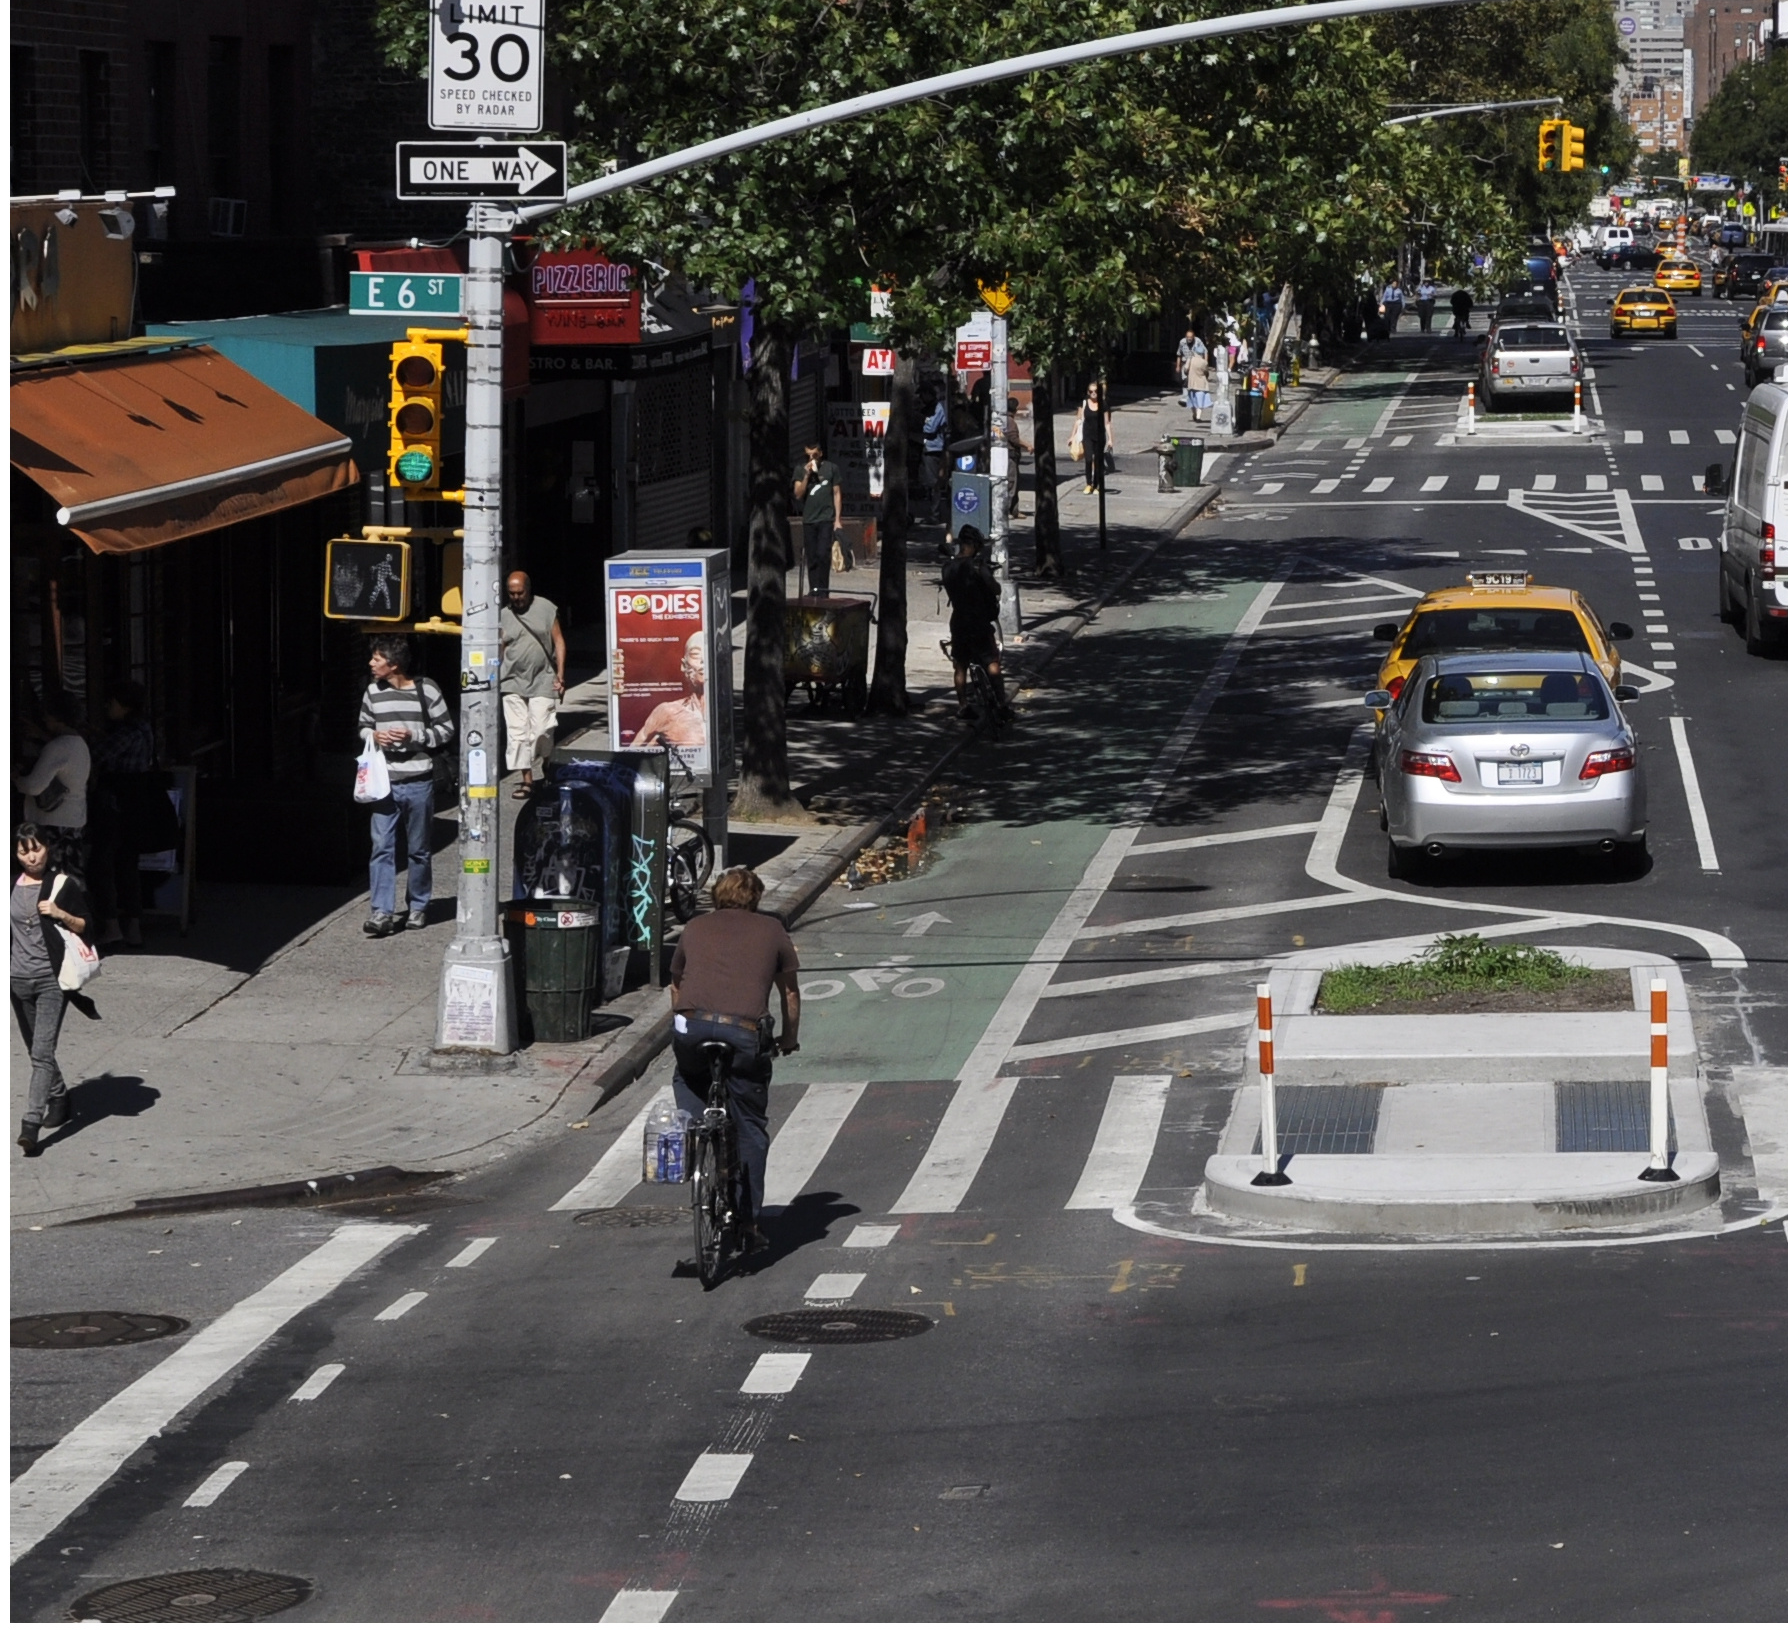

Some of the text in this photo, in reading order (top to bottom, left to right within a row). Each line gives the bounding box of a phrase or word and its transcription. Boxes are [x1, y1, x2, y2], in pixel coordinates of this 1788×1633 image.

[449, 4, 525, 25] LIMIT
[442, 32, 531, 83] 30
[440, 88, 532, 102] SPEED CHECKED
[456, 103, 515, 116] BY RADAR
[423, 160, 540, 182] ONE WAY
[532, 263, 632, 295] PIZZERIA
[368, 277, 444, 309] E 6 ST
[832, 420, 884, 438] ATM

##############################

TASK PROMPT:
The expected output is every entry, retyped exactly, with all pictures removed.

SOLVED EXERCISE:
Some of the text in this photo, in reading order (top to bottom, left to right within a row). Each line gives the bounding box of a phrase or word and its transcription. Boxes are [x1, y1, x2, y2], in pixel coordinates of this 1788×1633 image.

[449, 4, 525, 25] LIMIT
[442, 32, 531, 83] 30
[440, 88, 532, 102] SPEED CHECKED
[456, 103, 515, 116] BY RADAR
[423, 160, 540, 182] ONE WAY
[532, 263, 632, 295] PIZZERIA
[368, 277, 444, 309] E 6 ST
[832, 420, 884, 438] ATM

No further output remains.